Here are the specs: 

*i5 2500 @ Rs 9950/9800
Intel DH67BL @ Rs 5000
2 * 2gb Corsair 1333 MHz Corsair RAM @ Rs 1250 per 2gb
1 tb seagate hdd @ Rs 2600
LG DVD Writer @ Rs 850
Sapphire HD 6850 @ Rs 9800 ( I want mSi)
CM Elite 430 (w Transparent window) @ Rs 2750
CM Fans Pack of 4 @ Rs 850
Corsair VX 550 @ Rs 4600
BenQ 22"(21.5) LCD @ Rs 7500*

P.S: Plz RECOMMEND a UPS which will give this config around 10-15 minutes. Also mention the price ( which shud be around 2-3k max)


----------



## Joker (Apr 15, 2011)

hd 6850 all the way over gtx 460. better performance and lower power consumption too !


----------



## Piyush (Apr 15, 2011)

go for HD 6850 
for UPS go for APC 800va @ 3.4k or numeric 800va @ 2.8k

btw if you can spend around 11.5k-12k for gpu, you can get HD 6870 1gb which is even better than 6850


----------



## Cool Comps (Apr 15, 2011)

yh but ill have to see if that fits my budget....

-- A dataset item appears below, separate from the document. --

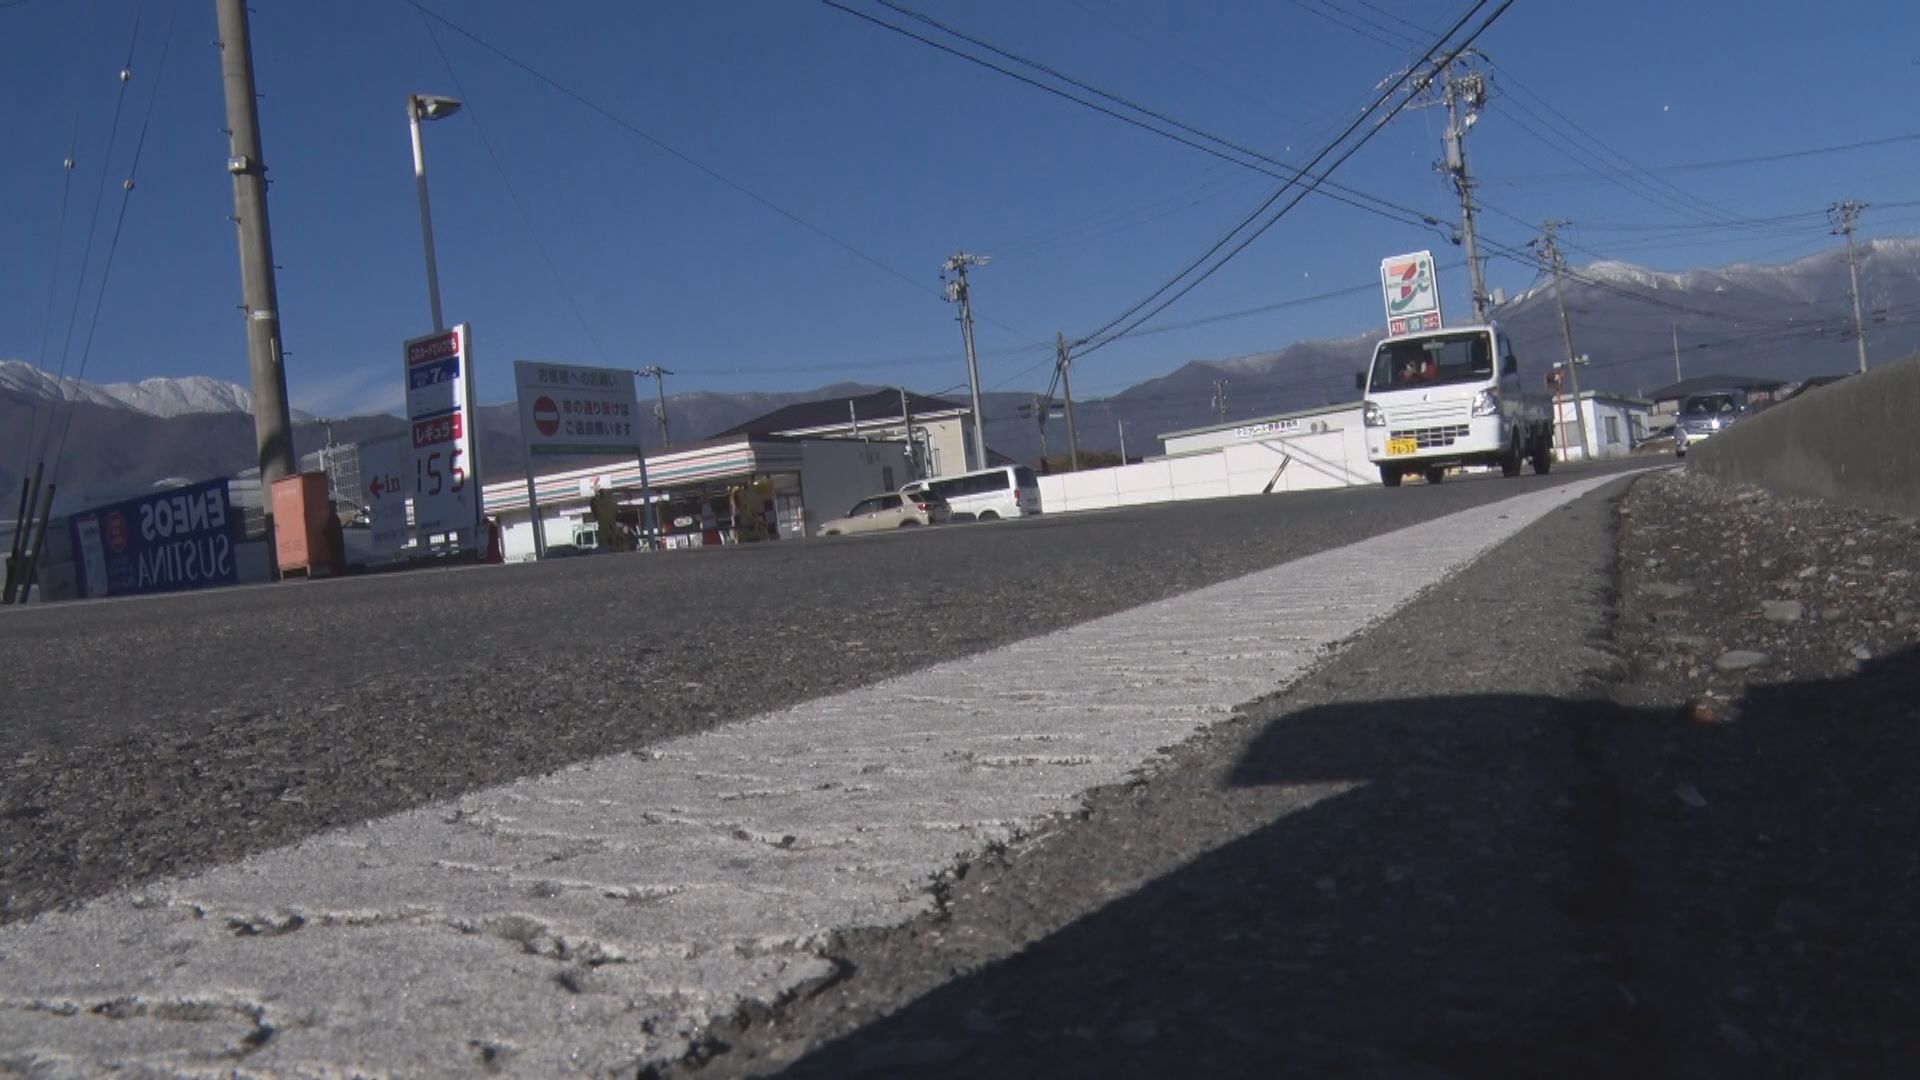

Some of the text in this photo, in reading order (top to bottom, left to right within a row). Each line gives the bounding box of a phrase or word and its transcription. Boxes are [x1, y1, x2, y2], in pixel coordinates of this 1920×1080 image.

but according to yall hd 6850 is better than gtx 460?
and its more efficient too right?


----------



## Piyush (Apr 15, 2011)

yes it is


----------



## Cool Comps (Apr 15, 2011)

ok so should i buy mSi or Sapphire??


----------



## vickybat (Apr 16, 2011)

Cool Comps said:


> yh but ill have to see if that fits my budget....
> 
> but according to yall hd 6850 is better than gtx 460?
> and its more efficient too right?



Yes 6850 is a bit better than gtx 460 and most importantly consumes less power.

But at 11-11.5k, try to grab a 6870 instead. My pick of board maker is going to be MSI.over sapphire. Grab the twin frozr II version but expect to pay a small premium.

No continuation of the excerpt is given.